NewsNation has reached out to Customs and Border Protection asking if there is a cap and what that number is. If so, it would be comparable to the “Remain in Mexico” policy that was terminated by the Biden administration in August. We have not received a response yet.
Some Border Patrol agents told us they didn’t even know about the new policy and that they hadn’t received an email yet.
Sources say the majority of people crossing in Yuma, Arizona, have been from Cuba, not Venezuela.
In El Paso, several Venezuelan migrants arrived to self-surrender in hopes of continuing their journey.
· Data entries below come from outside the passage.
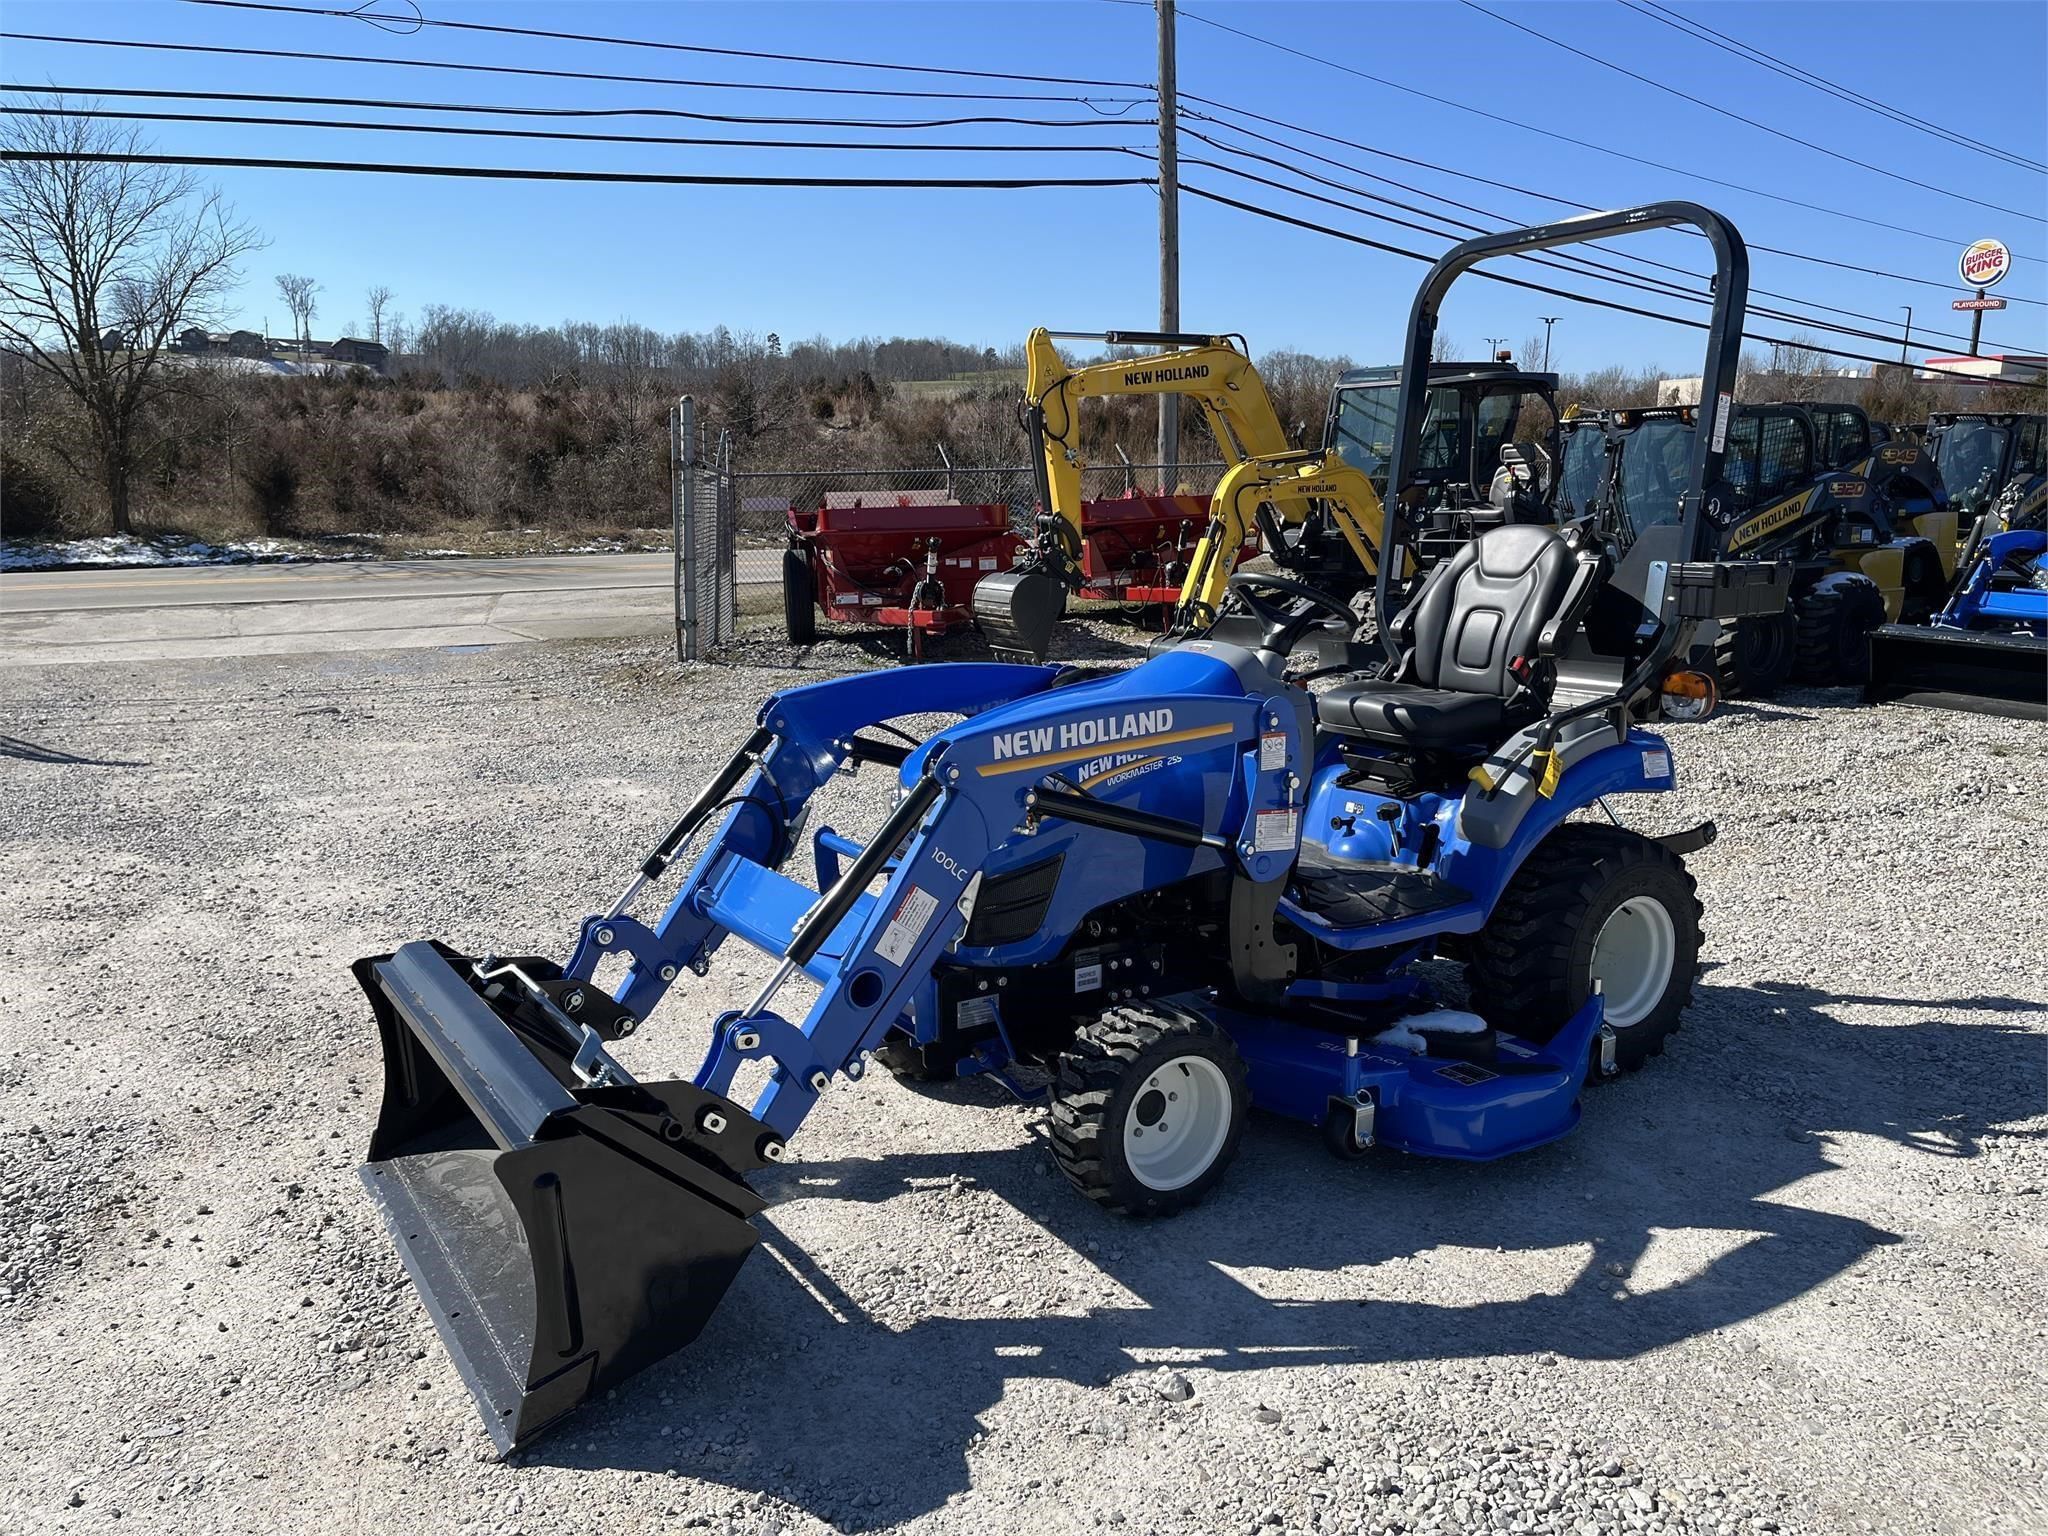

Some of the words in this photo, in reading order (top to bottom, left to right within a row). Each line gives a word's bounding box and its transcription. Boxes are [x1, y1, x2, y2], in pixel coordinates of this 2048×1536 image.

[1966, 248, 2003, 265] BURGER
[1966, 256, 2003, 276] KING
[1953, 300, 2000, 309] PLAYGROUND
[1124, 370, 1152, 386] NEW
[1155, 364, 1209, 383] HOLLAND
[1298, 484, 1311, 494] NEW
[1311, 484, 1337, 493] HOLLAND
[1738, 521, 1760, 541] NEW
[1761, 501, 1801, 530] HOLLAND
[992, 727, 1054, 760] NEW
[1060, 708, 1173, 748] HOLLAND
[1078, 755, 1112, 783] NEW
[1106, 760, 1164, 787] WORKMASTER
[931, 846, 968, 882] 100LC
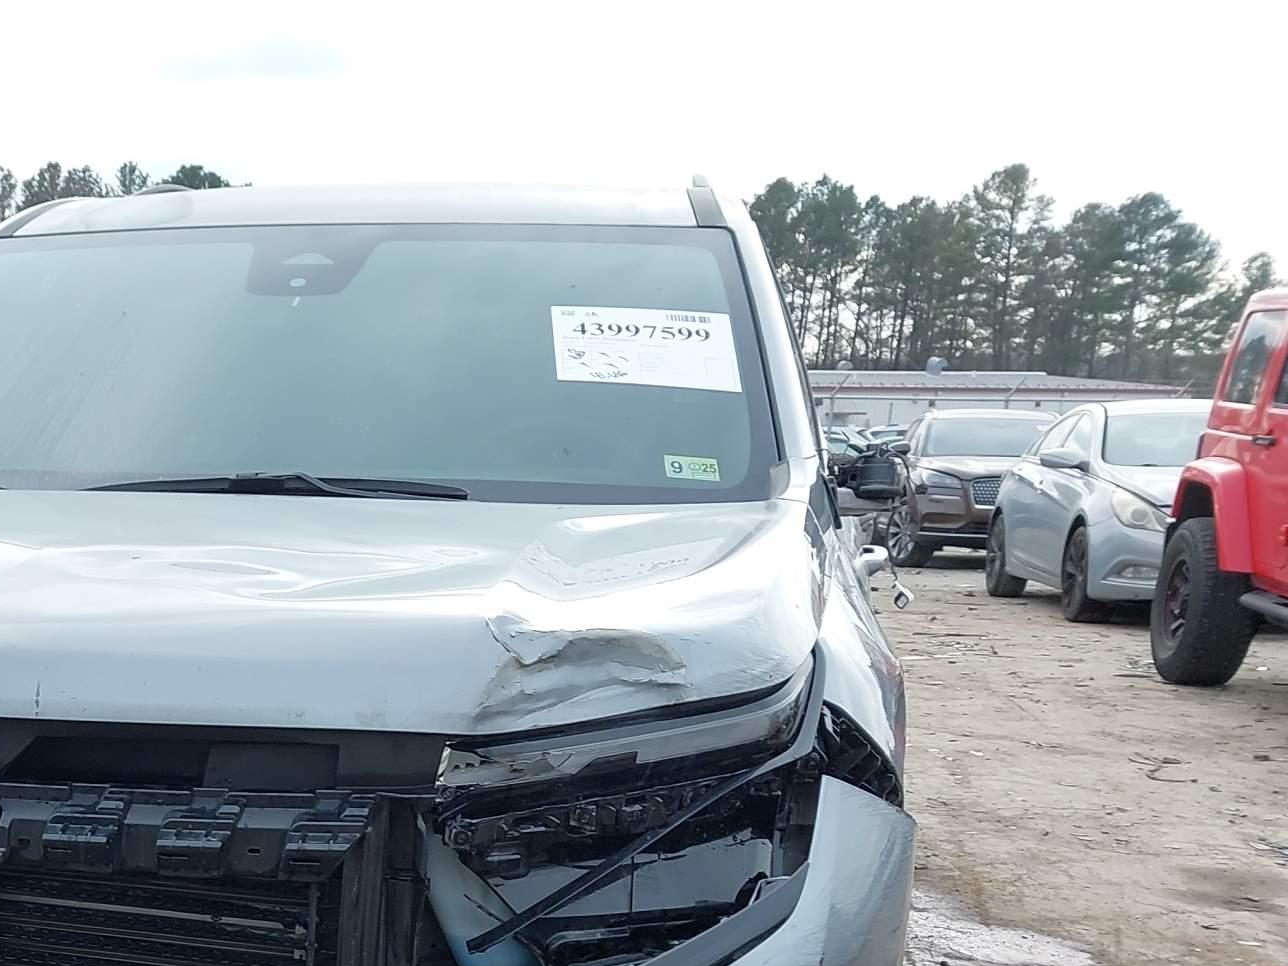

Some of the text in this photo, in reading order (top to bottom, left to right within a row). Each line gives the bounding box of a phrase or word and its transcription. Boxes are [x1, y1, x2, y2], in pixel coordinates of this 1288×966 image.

Migrants told Border Report that they were given food and water but didn’t know if they would be deported or if they will be able to seek asylum. Most Venezuelans said they were unaware of any U.S. policy changes.
One Venezuelan migrant who was getting ready to walk across the river from Juarez into El Paso said he set off for the U.S. from Venezuela on foot about a month ago and said he was not planning to stop.
“Brother, we just crossed Panama and Costa Rica. I have not eaten in two days,” he said before walking across a dry stretch of the Rio Grande. He joined a large group that marched along the border wall until it ends at the West Bridge camp.